## AIM OF THE EXERCISE
Please restate every record below word for word.

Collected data
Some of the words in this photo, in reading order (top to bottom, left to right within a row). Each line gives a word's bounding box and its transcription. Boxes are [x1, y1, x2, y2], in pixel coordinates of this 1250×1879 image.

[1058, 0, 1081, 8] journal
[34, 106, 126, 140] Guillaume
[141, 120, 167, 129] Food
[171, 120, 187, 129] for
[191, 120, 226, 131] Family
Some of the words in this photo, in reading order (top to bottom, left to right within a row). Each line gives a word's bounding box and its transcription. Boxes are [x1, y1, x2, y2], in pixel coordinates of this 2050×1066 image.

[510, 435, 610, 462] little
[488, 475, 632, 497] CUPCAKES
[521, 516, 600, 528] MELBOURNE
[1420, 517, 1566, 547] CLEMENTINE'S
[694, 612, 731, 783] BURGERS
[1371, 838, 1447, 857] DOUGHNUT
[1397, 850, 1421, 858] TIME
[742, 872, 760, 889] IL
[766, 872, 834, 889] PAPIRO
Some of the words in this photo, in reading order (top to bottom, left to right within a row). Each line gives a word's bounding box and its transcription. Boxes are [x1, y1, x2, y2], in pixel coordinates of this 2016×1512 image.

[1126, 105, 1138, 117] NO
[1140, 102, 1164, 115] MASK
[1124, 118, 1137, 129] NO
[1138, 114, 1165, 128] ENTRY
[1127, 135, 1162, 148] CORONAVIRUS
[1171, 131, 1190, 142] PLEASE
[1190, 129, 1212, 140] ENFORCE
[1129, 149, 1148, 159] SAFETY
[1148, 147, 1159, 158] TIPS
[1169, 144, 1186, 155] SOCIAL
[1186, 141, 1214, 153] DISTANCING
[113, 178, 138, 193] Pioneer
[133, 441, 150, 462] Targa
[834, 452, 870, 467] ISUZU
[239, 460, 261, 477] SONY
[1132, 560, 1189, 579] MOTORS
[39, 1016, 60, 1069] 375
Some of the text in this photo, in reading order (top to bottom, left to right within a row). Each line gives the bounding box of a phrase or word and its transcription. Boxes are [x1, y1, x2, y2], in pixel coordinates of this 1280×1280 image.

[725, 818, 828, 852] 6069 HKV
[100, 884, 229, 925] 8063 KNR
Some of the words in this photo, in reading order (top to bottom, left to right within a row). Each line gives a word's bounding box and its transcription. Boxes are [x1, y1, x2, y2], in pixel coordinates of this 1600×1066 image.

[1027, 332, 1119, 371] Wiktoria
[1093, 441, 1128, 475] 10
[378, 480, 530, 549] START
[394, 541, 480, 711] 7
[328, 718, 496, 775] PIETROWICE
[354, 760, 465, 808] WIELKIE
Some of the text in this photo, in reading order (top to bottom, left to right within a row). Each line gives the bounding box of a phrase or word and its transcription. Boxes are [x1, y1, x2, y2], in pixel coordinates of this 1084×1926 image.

## YOUR RESPONSE
Some of the words in this photo, in reading order (top to bottom, left to right within a row). Each line gives a word's bounding box and its transcription. Boxes are [x1, y1, x2, y2], in pixel coordinates of this 1250×1879 image.

[1058, 0, 1081, 8] journal
[34, 106, 126, 140] Guillaume
[141, 120, 167, 129] Food
[171, 120, 187, 129] for
[191, 120, 226, 131] Family
Some of the words in this photo, in reading order (top to bottom, left to right within a row). Each line gives a word's bounding box and its transcription. Boxes are [x1, y1, x2, y2], in pixel coordinates of this 2050×1066 image.

[510, 435, 610, 462] little
[488, 475, 632, 497] CUPCAKES
[521, 516, 600, 528] MELBOURNE
[1420, 517, 1566, 547] CLEMENTINE'S
[694, 612, 731, 783] BURGERS
[1371, 838, 1447, 857] DOUGHNUT
[1397, 850, 1421, 858] TIME
[742, 872, 760, 889] IL
[766, 872, 834, 889] PAPIRO
Some of the words in this photo, in reading order (top to bottom, left to right within a row). Each line gives a word's bounding box and its transcription. Boxes are [x1, y1, x2, y2], in pixel coordinates of this 2016×1512 image.

[1126, 105, 1138, 117] NO
[1140, 102, 1164, 115] MASK
[1124, 118, 1137, 129] NO
[1138, 114, 1165, 128] ENTRY
[1127, 135, 1162, 148] CORONAVIRUS
[1171, 131, 1190, 142] PLEASE
[1190, 129, 1212, 140] ENFORCE
[1129, 149, 1148, 159] SAFETY
[1148, 147, 1159, 158] TIPS
[1169, 144, 1186, 155] SOCIAL
[1186, 141, 1214, 153] DISTANCING
[113, 178, 138, 193] Pioneer
[133, 441, 150, 462] Targa
[834, 452, 870, 467] ISUZU
[239, 460, 261, 477] SONY
[1132, 560, 1189, 579] MOTORS
[39, 1016, 60, 1069] 375
Some of the text in this photo, in reading order (top to bottom, left to right within a row). Each line gives the bounding box of a phrase or word and its transcription. Boxes are [x1, y1, x2, y2], in pixel coordinates of this 1280×1280 image.

[725, 818, 828, 852] 6069 HKV
[100, 884, 229, 925] 8063 KNR
Some of the words in this photo, in reading order (top to bottom, left to right within a row). Each line gives a word's bounding box and its transcription. Boxes are [x1, y1, x2, y2], in pixel coordinates of this 1600×1066 image.

[1027, 332, 1119, 371] Wiktoria
[1093, 441, 1128, 475] 10
[378, 480, 530, 549] START
[394, 541, 480, 711] 7
[328, 718, 496, 775] PIETROWICE
[354, 760, 465, 808] WIELKIE
Some of the text in this photo, in reading order (top to bottom, left to right within a row). Each line gives the bounding box of a phrase or word and its transcription. Boxes are [x1, y1, x2, y2], in pixel coordinates of this 1084×1926 image.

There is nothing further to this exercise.